Greg Jacobson has been thinking about continuous improvement for roughly 20 years. He's the co-founder and CEO of KaiNexus and an emergency medicine physician. Around 2015 or 2016, someone introduced him to The Power of Habit by Charles Duhigg. He found lean CI woven throughout the book. And he realized, for the first time, that you could design habits. Not just practice them, but engineer the conditions under which they reliably occur.
This session -- the first in a three-part series -- is Greg and Morgan Wright's attempt to translate that realization into something CI leaders can actually use. It covers the neuroscience of habit formation, the behavioral science of why habits stick or fade, and the framework -- cue, routine, reward -- that connects individual behavior to organizational culture.
The series draws on three books: Charles Duhigg's The Power of Habit, James Clear's Atomic Habits, and BJ Fogg's Tiny Habits. Greg has read the first two multiple times. All three are recommended directly in the session.
What follows is the substance of the session, organized so the page is useful whether you watched it or are landing here from search.

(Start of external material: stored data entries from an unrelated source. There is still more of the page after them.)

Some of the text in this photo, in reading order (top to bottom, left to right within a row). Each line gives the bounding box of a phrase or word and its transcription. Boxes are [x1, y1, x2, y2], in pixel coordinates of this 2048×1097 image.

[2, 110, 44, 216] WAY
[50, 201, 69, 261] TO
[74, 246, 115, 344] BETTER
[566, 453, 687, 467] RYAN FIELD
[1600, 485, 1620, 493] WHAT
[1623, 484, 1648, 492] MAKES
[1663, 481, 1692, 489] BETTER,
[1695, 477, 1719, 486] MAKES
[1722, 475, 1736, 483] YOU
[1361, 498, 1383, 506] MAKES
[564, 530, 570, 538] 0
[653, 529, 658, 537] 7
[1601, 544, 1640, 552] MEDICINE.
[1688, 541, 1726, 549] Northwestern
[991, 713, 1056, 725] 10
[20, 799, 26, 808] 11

Seth Godin's definition of culture: people like us do things like this. Greg uses it throughout the series because it points at exactly the right thing. Culture isn't a poster or a set of principles or an annual kickoff meeting. Culture is what people in a group actually do repeatedly -- the norms, the defaults, the behaviors so embedded that nobody thinks about them consciously. And another word for behavior that happens regularly without deliberate thought is a habit.
The argument that follows from this: building a CI culture is fundamentally a habit design problem. Not a training problem, not a tool selection problem, not a communication problem -- a habit design problem. The organizational behavior you want to see is improvement work happening naturally, repeatedly, at every level, without requiring heroic effort from a CI team to sustain it. That's what habits produce. Everything else produces activity that requires constant re-energizing.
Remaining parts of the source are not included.